- **WHAT THE EXERCISE ASKS**
With the pictures set aside, write out all of the data exactly as it stands.

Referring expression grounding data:
━━━

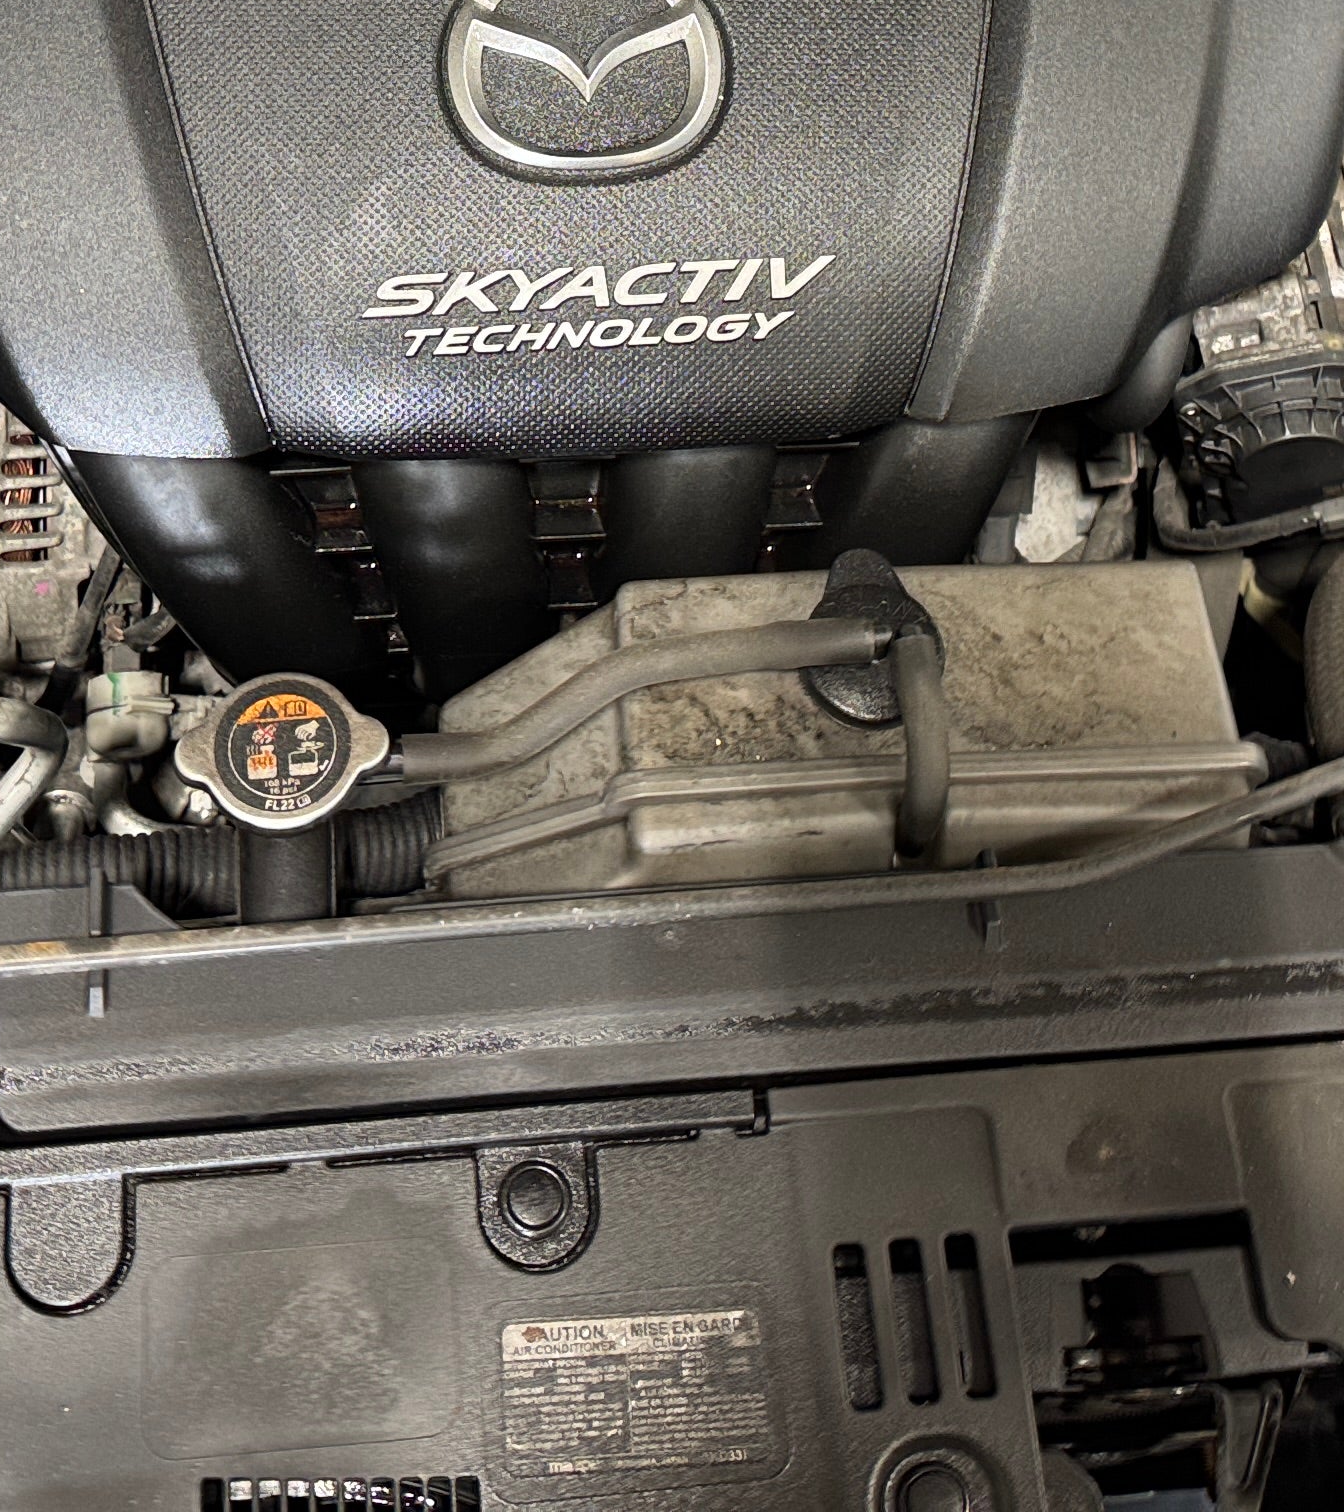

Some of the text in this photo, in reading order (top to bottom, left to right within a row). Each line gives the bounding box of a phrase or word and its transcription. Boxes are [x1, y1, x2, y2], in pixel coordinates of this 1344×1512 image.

[362, 254, 837, 319] SKYACTIV
[403, 310, 796, 358] TECHNOLOGY
[264, 798, 296, 811] FL22
[523, 1324, 608, 1344] AUTION
[630, 1321, 669, 1337] MISE
[672, 1319, 694, 1335] EN
[513, 1340, 617, 1356] AIR CONDITIONER

━━━

- **REPLY TO THE EXERCISE**
Some of the text in this photo, in reading order (top to bottom, left to right within a row). Each line gives the bounding box of a phrase or word and its transcription. Boxes are [x1, y1, x2, y2], in pixel coordinates of this 1344×1512 image.

[362, 254, 837, 319] SKYACTIV
[403, 310, 796, 358] TECHNOLOGY
[264, 798, 296, 811] FL22
[523, 1324, 608, 1344] AUTION
[630, 1321, 669, 1337] MISE
[672, 1319, 694, 1335] EN
[513, 1340, 617, 1356] AIR CONDITIONER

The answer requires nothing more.